When the privacy page and the partnership page disagree
Two public pages. Two opposite claims.
Amira Learning’s privacy page makes a clear statement: “Amira Learning never shares student data with public AI platforms like ChatGPT, Claude, Gemini, or any other third-party foundation models.”
Their distribution partner, Pearson Canada, goes further. Their FAQ states the AI models used by Amira are “entirely internally developed, private models.”
Now go to claude.com/customers/amira.
What Anthropic’s own website says
That’s Anthropic’s own customer story page. It describes, in detail, how Amira uses Claude (Anthropic’s large language model) to generate comprehension dialogues, questions, hints, response pathways, word definitions, and custom rubrics. Amira’s Chief AI Scientist, Ran Liu, is quoted explaining how they “conducted extensive benchmarking across a variety of commercial and open-source models and found that Claude performed exceptionally well.”

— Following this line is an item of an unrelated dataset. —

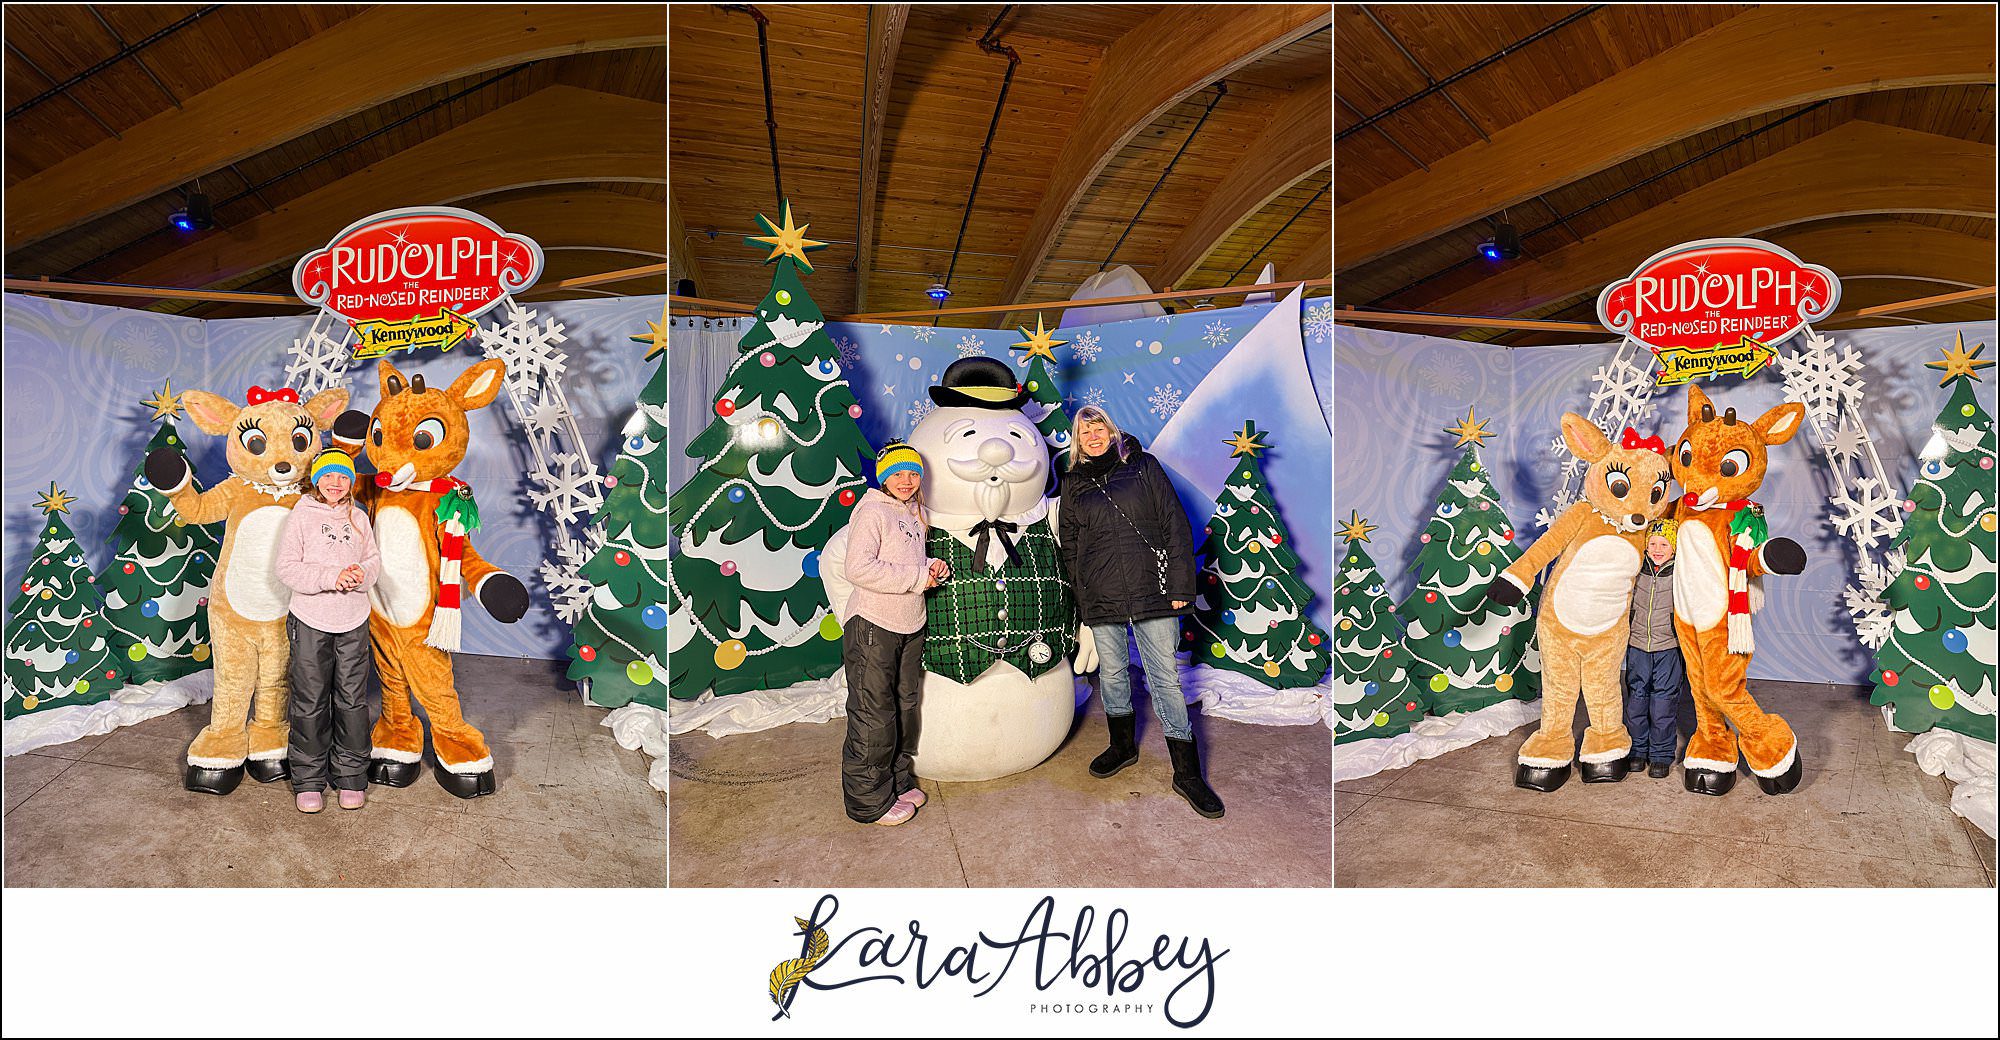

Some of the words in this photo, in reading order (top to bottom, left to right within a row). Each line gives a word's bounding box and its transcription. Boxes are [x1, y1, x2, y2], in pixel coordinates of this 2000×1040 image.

Both of these things cannot be true at the same time.
The architectural nuance
To be fair, there’s a real architectural distinction here. Amira appears to use Claude offline to pre-generate content, which is then reviewed by humans and served to students at runtime through a reinforcement learning system. Students don’t interact with a live LLM during sessions. That’s meaningfully different from ChatGPT-style real-time generation, and it’s a legitimate design choice.
But the claim that Amira’s models are “entirely internally developed” is directly contradicted by Anthropic’s own published customer story. And the privacy page’s mention of not sharing data with “Claude” is confusing at best when the company has a documented partnership with the maker of Claude.
Why this matters for procurement
This matters because school districts and state education departments are making procurement decisions based on these representations. When a district asks “does this tool use generative AI?” and the vendor says no, that answer shapes everything from data privacy reviews to parental consent processes. If the real answer is “yes, but offline and reviewed,” then that’s the answer districts deserve to hear.
I spent 20 years in international schools. I’ve sat in procurement meetings. I know how these decisions get made. Administrators don’t read customer story pages on AI company websites. They read the vendor’s own materials, take them at face value, and check the box.
The box should not be this easy to check.